------ Data for the task
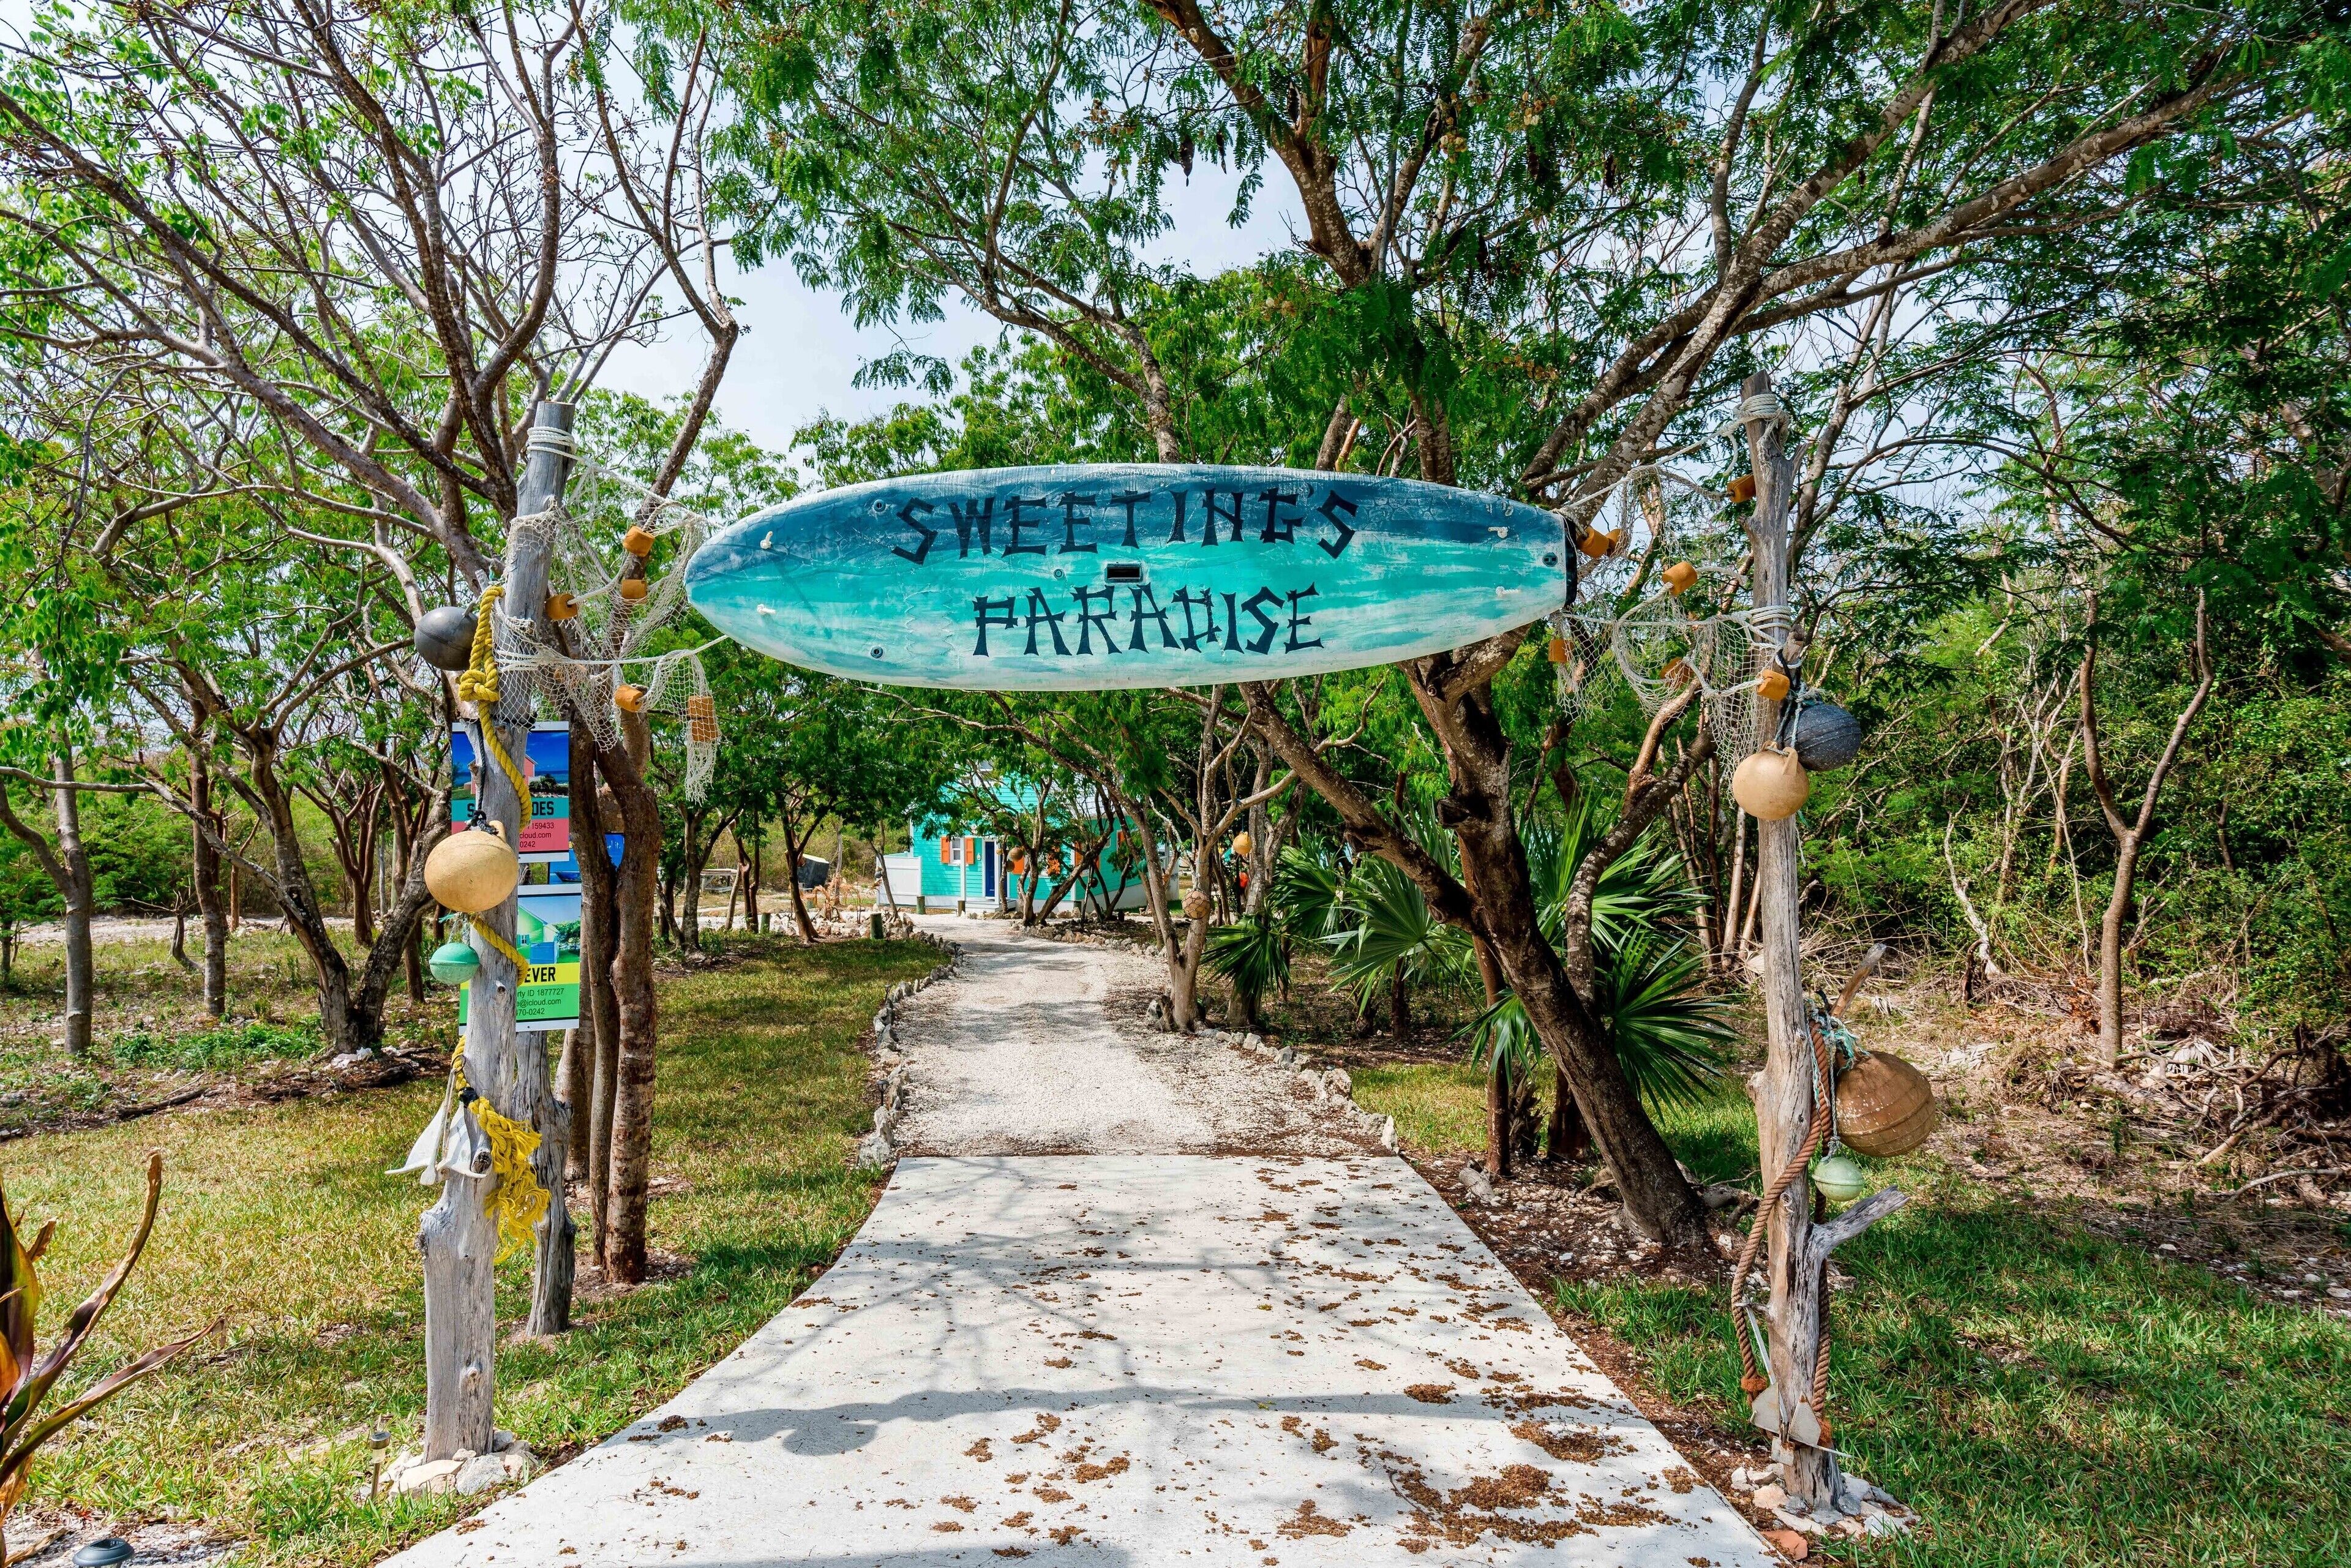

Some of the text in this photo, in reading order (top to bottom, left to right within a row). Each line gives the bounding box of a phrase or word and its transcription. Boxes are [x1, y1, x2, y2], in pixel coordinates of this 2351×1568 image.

[891, 482, 1359, 565] SWEETING'S
[972, 582, 1324, 657] PARADISE
[537, 988, 564, 996] 1877727
[516, 999, 561, 1008] e@icloud.com
[516, 1008, 546, 1016] 70-0242
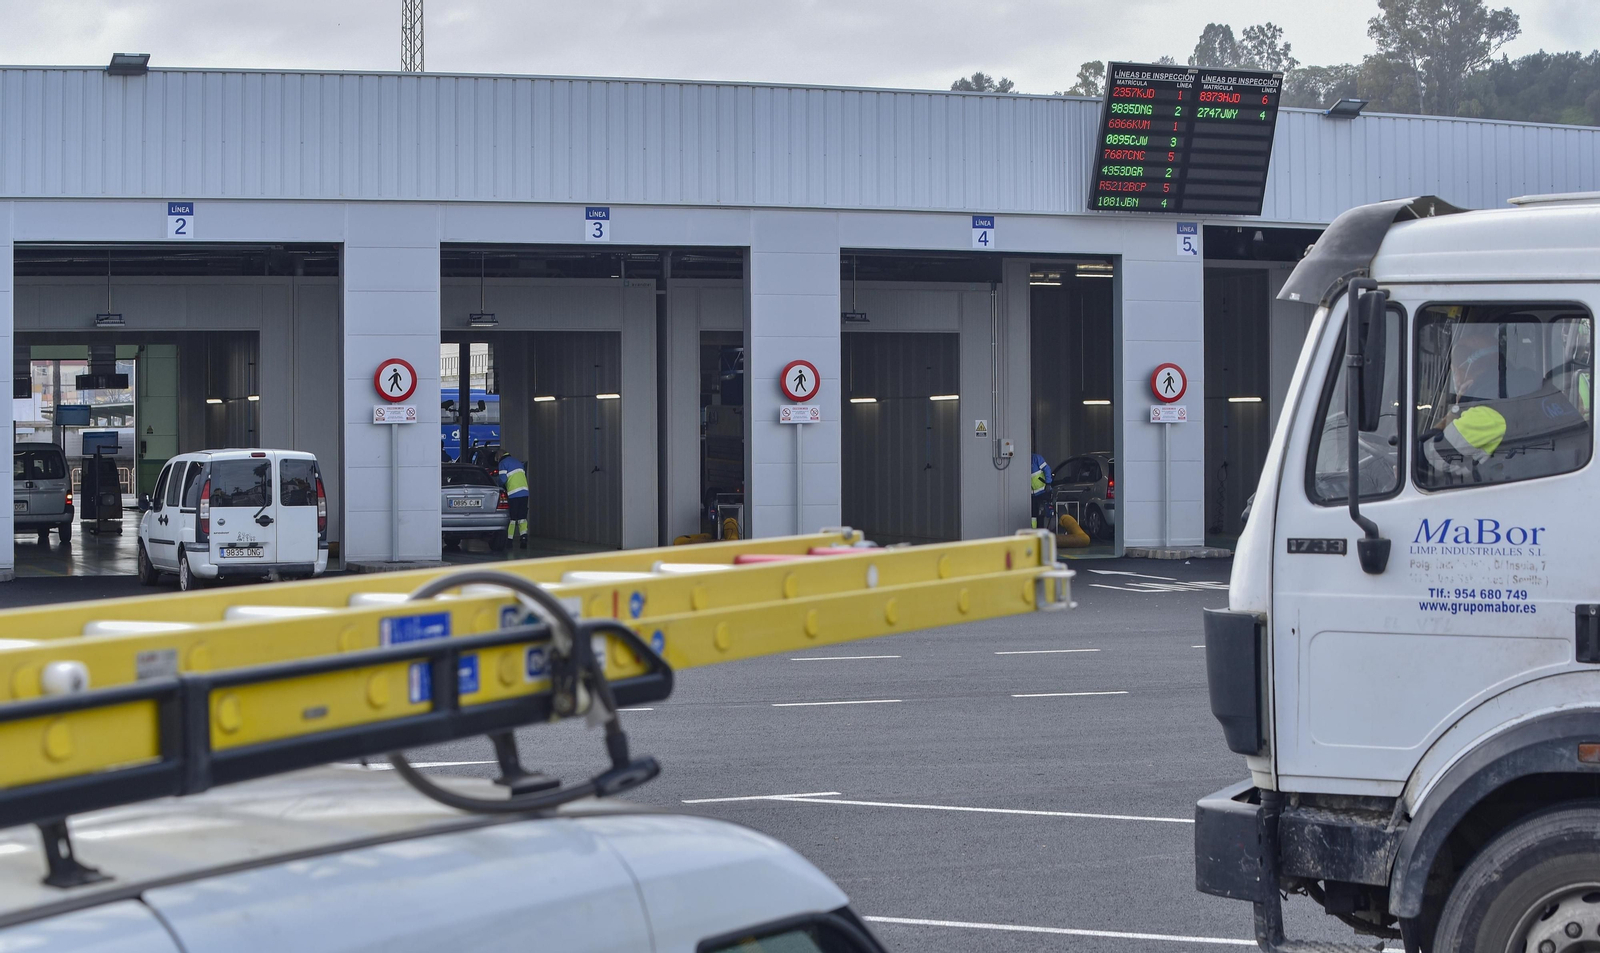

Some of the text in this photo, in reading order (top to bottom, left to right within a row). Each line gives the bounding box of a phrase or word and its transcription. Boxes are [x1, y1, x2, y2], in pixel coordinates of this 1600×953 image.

[1114, 70, 1140, 78] LÍNEAS
[1152, 72, 1195, 81] INSPECCIÓN
[1202, 74, 1226, 83] LÍNEAS
[1239, 78, 1279, 86] INSPECCIÓN
[1113, 87, 1182, 100] 2357KJD 1
[1200, 92, 1268, 105] 8373HJD 6
[1112, 103, 1181, 116] 9835DNG 2
[1197, 108, 1266, 120] 2747JWY 4
[1174, 122, 1177, 131] 1
[1106, 134, 1177, 147] 0895CJW 3
[1104, 149, 1174, 161] 7687CNC 5
[1102, 166, 1172, 177] 4353DGR 2
[1163, 183, 1170, 192] 5
[1098, 197, 1167, 208] 1081JBN 4
[175, 218, 186, 235] 2
[592, 222, 603, 238] 3
[978, 231, 989, 246] 4
[1183, 237, 1192, 252] 5
[1412, 518, 1545, 546] MaBor
[1290, 540, 1344, 551] 1733
[1441, 546, 1522, 556] INDUSTRIALES
[1454, 589, 1476, 599] 954
[1480, 589, 1501, 599] 680
[1506, 590, 1528, 600] 749
[1419, 601, 1536, 615] www.grupomabor.es
------------
| Work to be completed |
Without carrying over any picture, retype the records above word for word.

| Output of the task |
Some of the text in this photo, in reading order (top to bottom, left to right within a row). Each line gives the bounding box of a phrase or word and its transcription. Boxes are [x1, y1, x2, y2], in pixel coordinates of this 2351×1568 image.

[891, 482, 1359, 565] SWEETING'S
[972, 582, 1324, 657] PARADISE
[537, 988, 564, 996] 1877727
[516, 999, 561, 1008] e@icloud.com
[516, 1008, 546, 1016] 70-0242

Some of the text in this photo, in reading order (top to bottom, left to right within a row). Each line gives the bounding box of a phrase or word and its transcription. Boxes are [x1, y1, x2, y2], in pixel coordinates of this 1600×953 image.

[1114, 70, 1140, 78] LÍNEAS
[1152, 72, 1195, 81] INSPECCIÓN
[1202, 74, 1226, 83] LÍNEAS
[1239, 78, 1279, 86] INSPECCIÓN
[1113, 87, 1182, 100] 2357KJD 1
[1200, 92, 1268, 105] 8373HJD 6
[1112, 103, 1181, 116] 9835DNG 2
[1197, 108, 1266, 120] 2747JWY 4
[1174, 122, 1177, 131] 1
[1106, 134, 1177, 147] 0895CJW 3
[1104, 149, 1174, 161] 7687CNC 5
[1102, 166, 1172, 177] 4353DGR 2
[1163, 183, 1170, 192] 5
[1098, 197, 1167, 208] 1081JBN 4
[175, 218, 186, 235] 2
[592, 222, 603, 238] 3
[978, 231, 989, 246] 4
[1183, 237, 1192, 252] 5
[1412, 518, 1545, 546] MaBor
[1290, 540, 1344, 551] 1733
[1441, 546, 1522, 556] INDUSTRIALES
[1454, 589, 1476, 599] 954
[1480, 589, 1501, 599] 680
[1506, 590, 1528, 600] 749
[1419, 601, 1536, 615] www.grupomabor.es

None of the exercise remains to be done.